Recorded data
=== Begin Enclosure ===

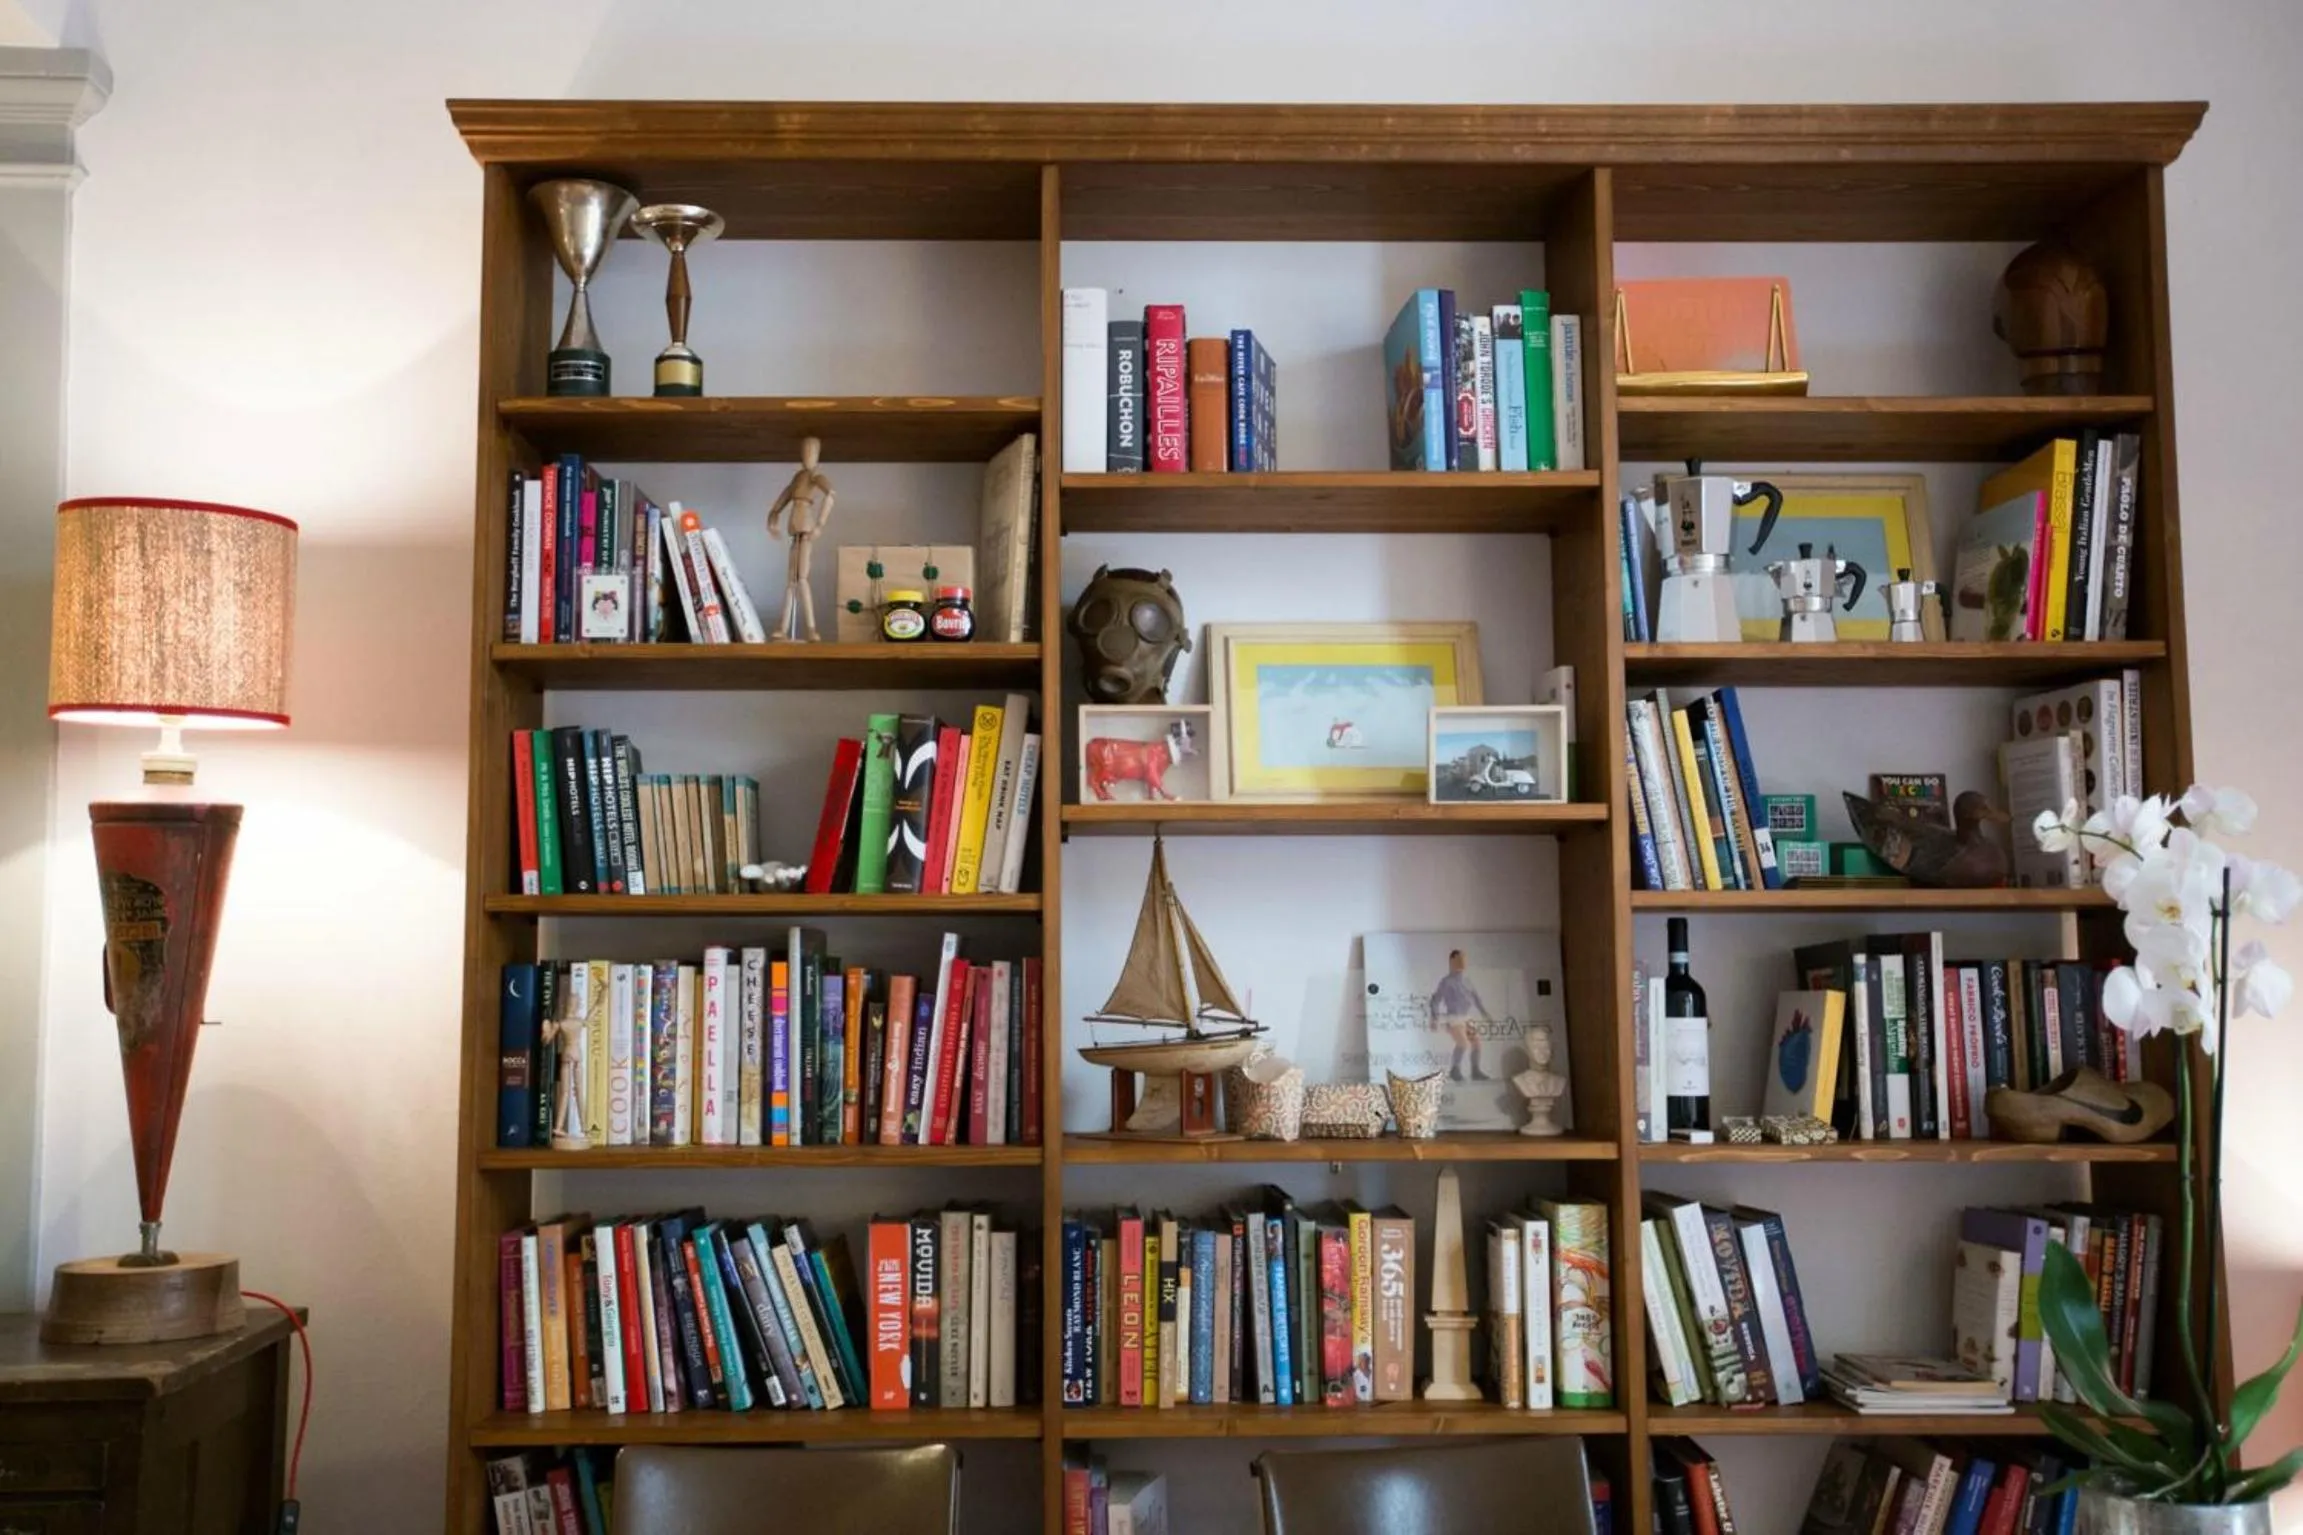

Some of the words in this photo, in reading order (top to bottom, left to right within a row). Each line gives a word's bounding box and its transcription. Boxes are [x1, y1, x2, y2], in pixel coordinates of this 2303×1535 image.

[1479, 331, 1490, 357] JOHN
[1118, 349, 1134, 448] ROBUCHON
[1155, 338, 1181, 462] RIPAILLES
[2118, 476, 2132, 521] PAOLO
[2077, 510, 2090, 547] Italian
[2117, 525, 2127, 543] DE
[2075, 549, 2087, 582] Young
[510, 592, 518, 608] The
[566, 757, 576, 780] HIP
[587, 757, 599, 785] HIP
[601, 756, 613, 785] HIP
[1002, 760, 1012, 777] EAT
[568, 780, 580, 816] HOTELS
[590, 785, 604, 830] HOTELS
[604, 785, 618, 830] HOTELS
[747, 960, 757, 1056] CHEESE
[704, 975, 718, 1116] PAELLA
[912, 1026, 928, 1071] indian
[609, 1056, 628, 1135] COOK
[909, 1073, 924, 1105] easy
[974, 1089, 983, 1115] BAKE
[1072, 1247, 1082, 1282] BLANC
[1356, 1219, 1371, 1273] Gordon
[878, 1272, 903, 1306] NEW
[1380, 1243, 1404, 1298] 365
[1072, 1282, 1082, 1333] RAYMOND
[1162, 1277, 1177, 1304] HIX
[756, 1301, 779, 1338] dairy
[1065, 1307, 1073, 1340] Secrets
[1122, 1273, 1139, 1349] LEON
[1357, 1275, 1372, 1344] Ramsay's
[878, 1311, 903, 1352] YORK
[1064, 1340, 1073, 1375] Kitchen
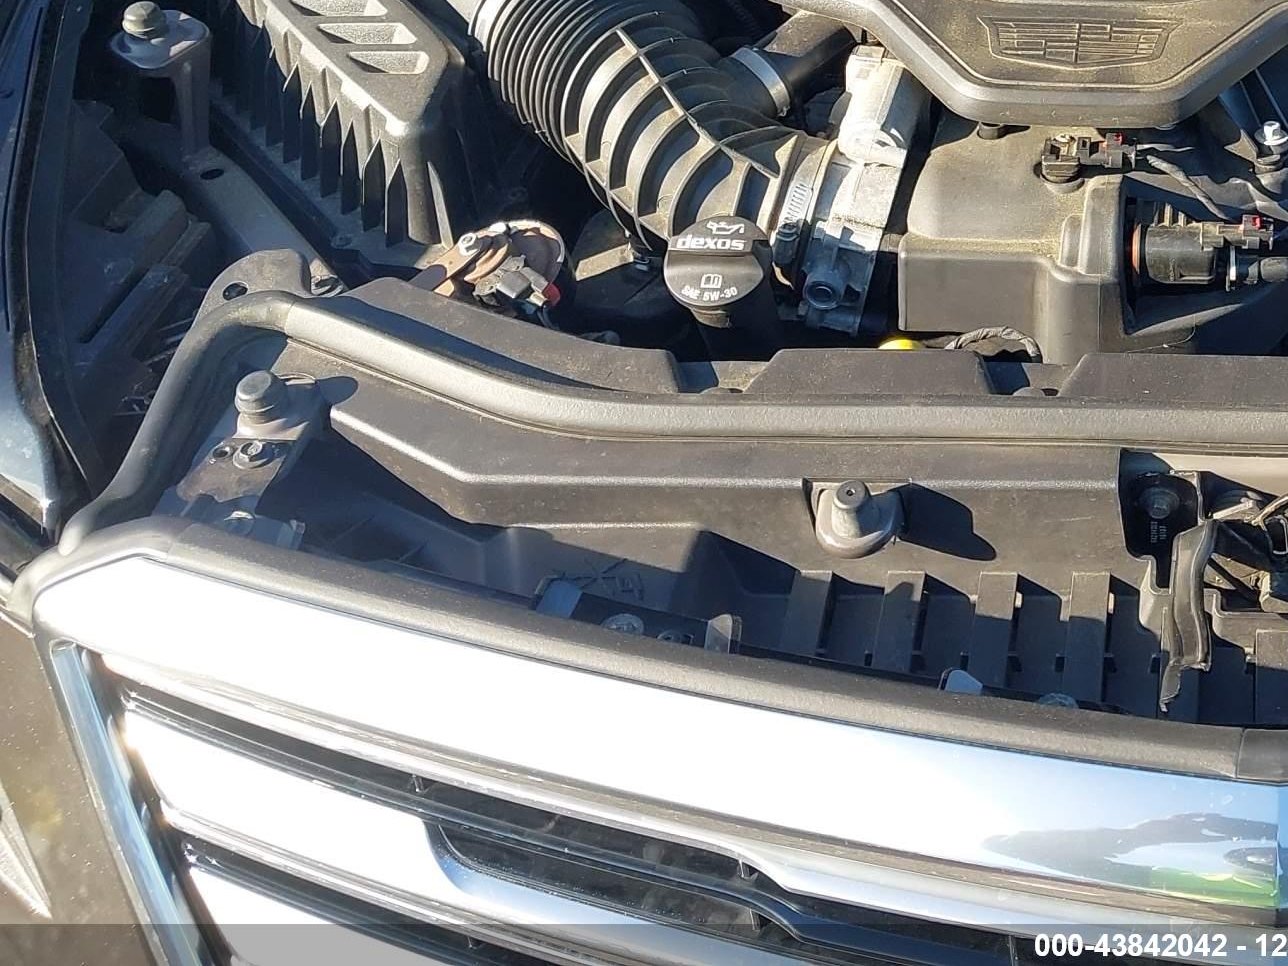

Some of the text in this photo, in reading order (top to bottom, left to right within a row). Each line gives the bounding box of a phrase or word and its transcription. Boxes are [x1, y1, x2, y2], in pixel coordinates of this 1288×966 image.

[676, 234, 745, 251] dexos
[681, 285, 738, 302] SAE 5W-30

=== End Enclosure ===

- _What to produce_
Your answer must be the line holding "Some of the text" and every later line of the entries above, written out exactly, and nothing else.

- _Result_
Some of the text in this photo, in reading order (top to bottom, left to right within a row). Each line gives the bounding box of a phrase or word and its transcription. Boxes are [x1, y1, x2, y2], in pixel coordinates of this 1288×966 image.

[676, 234, 745, 251] dexos
[681, 285, 738, 302] SAE 5W-30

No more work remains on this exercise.